Acetylcholine is hydrolytically destroyed in the brain by two cholinesterases, acetylcholinesterase (AChE) and butyrylcholinesterase (BuChE) both associated with amyloid plaques. Although AChE is found in higher concentrations than BuChE in the brain tissue of patients with AD, there is evidence that BuChE is active in all hippocampal and cortical areas known to receive cholinergic innervations and also that BuChE may accelerate maturation of benign plaques into plaques associated with neuronal degeneration and AD.

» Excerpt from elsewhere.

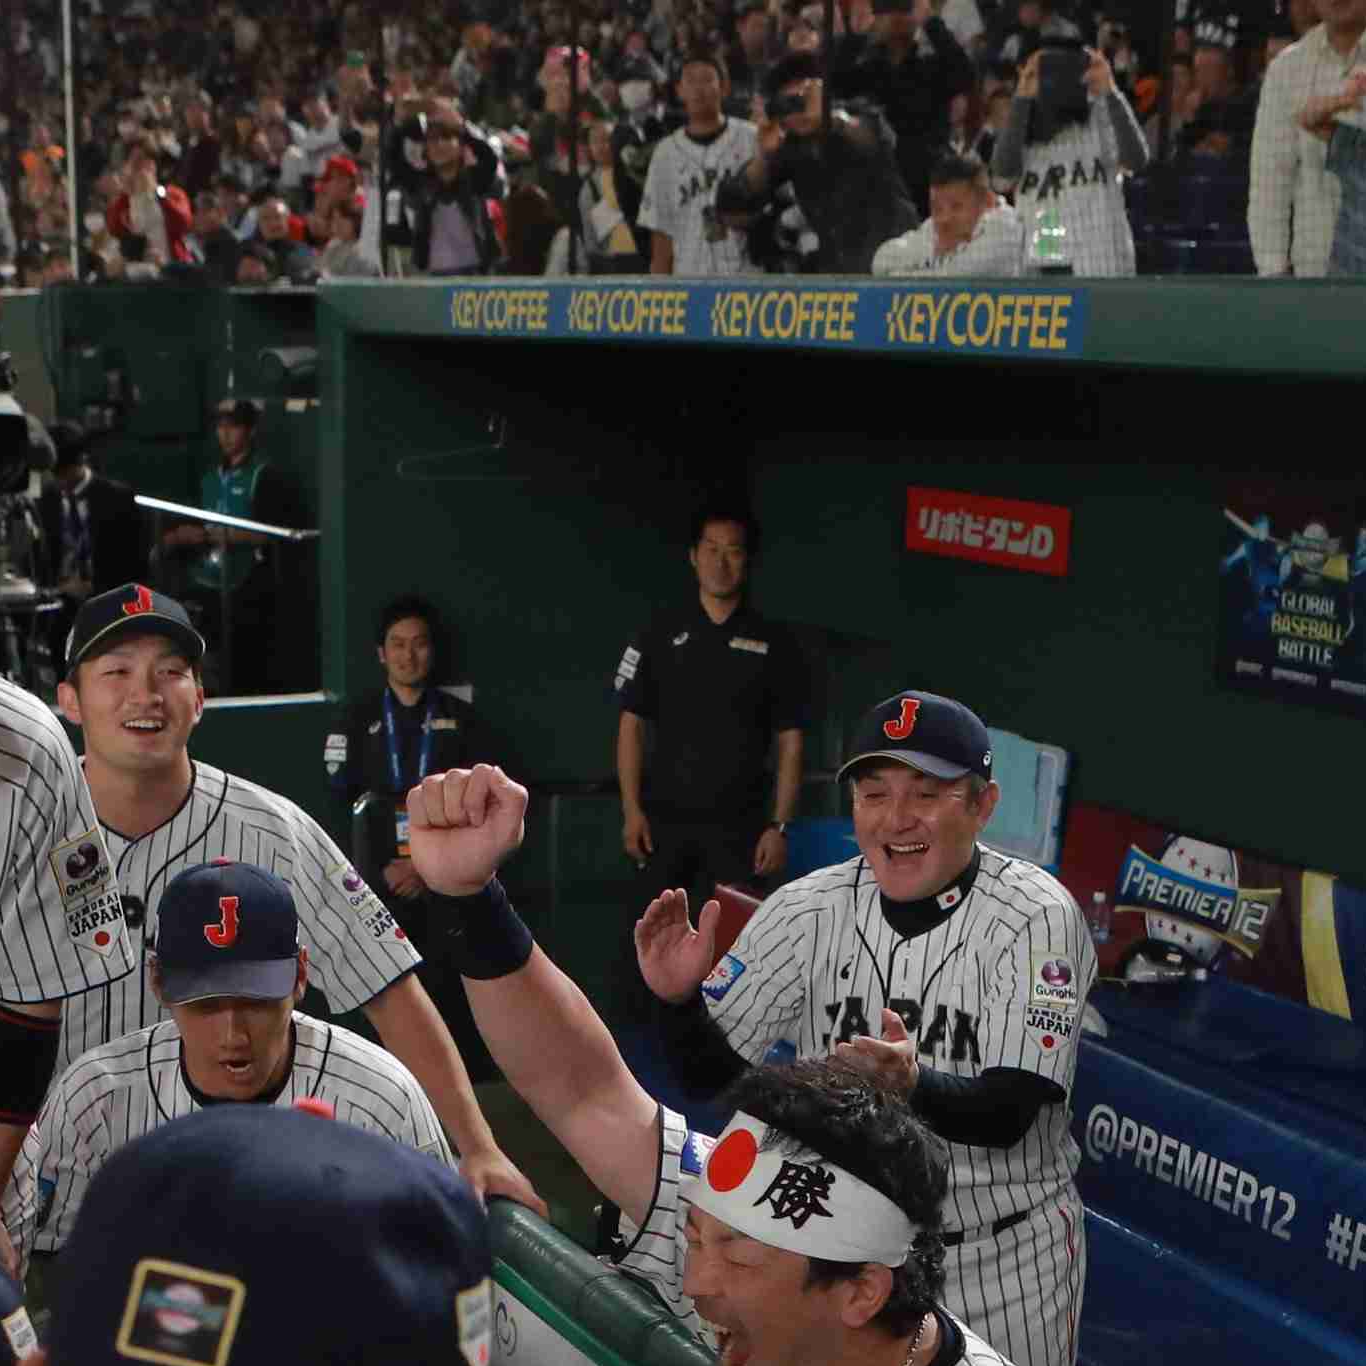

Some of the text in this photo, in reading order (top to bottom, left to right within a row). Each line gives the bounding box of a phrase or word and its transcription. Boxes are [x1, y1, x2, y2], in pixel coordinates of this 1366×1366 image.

Hence, therapies designed to reverse the cholinergic deficit are in large measure based on the importance of cholinergic function in cognition. In fact, reduced cholinergic activity in the brains of individuals with AD provides the rationale for the development of acetyl cholinesterase (AChE) inhibitors to treat the dementia associated with AD. The commonly prescribed AChE inhibitors, such as Donepezil®, Rivastigmine, and Galantamine were developed on this basis 2. Since these drugs exerted several side effects, formulation of synthetic drugs and herbal products are moving from fringe to main stream use with a greater number of people seeking remedies and health approaches free from side effects and thus gaining popularity in the world market. In this context, Indian traditional medical system, Ayurveda assumes lot of significance since it is believed to be safe for all chronic diseases in general.
Evolvulus alsinoides, is commonly known as Shankhpushpi and in traditional systems of medicine, Ayurvedas “Medhya Rasayana” having Nootropic effects. Shankhpushpi is considered as a potential “Nervine tonic” recommended for treating several nervous disorders such as stress, anxiety, mental fatigue, and insomnia 3. Pre-clinical investigations have demonstrated its memory enhancement, anti-epileptic and immune-modulatory, anti-amnesic, anti-stress (adaptogenic), anti-microbial and gastroprotective properties as well. Therefore, it is worthwhile to explore the application of traditional medicines for the treatment of various cognitive disorders.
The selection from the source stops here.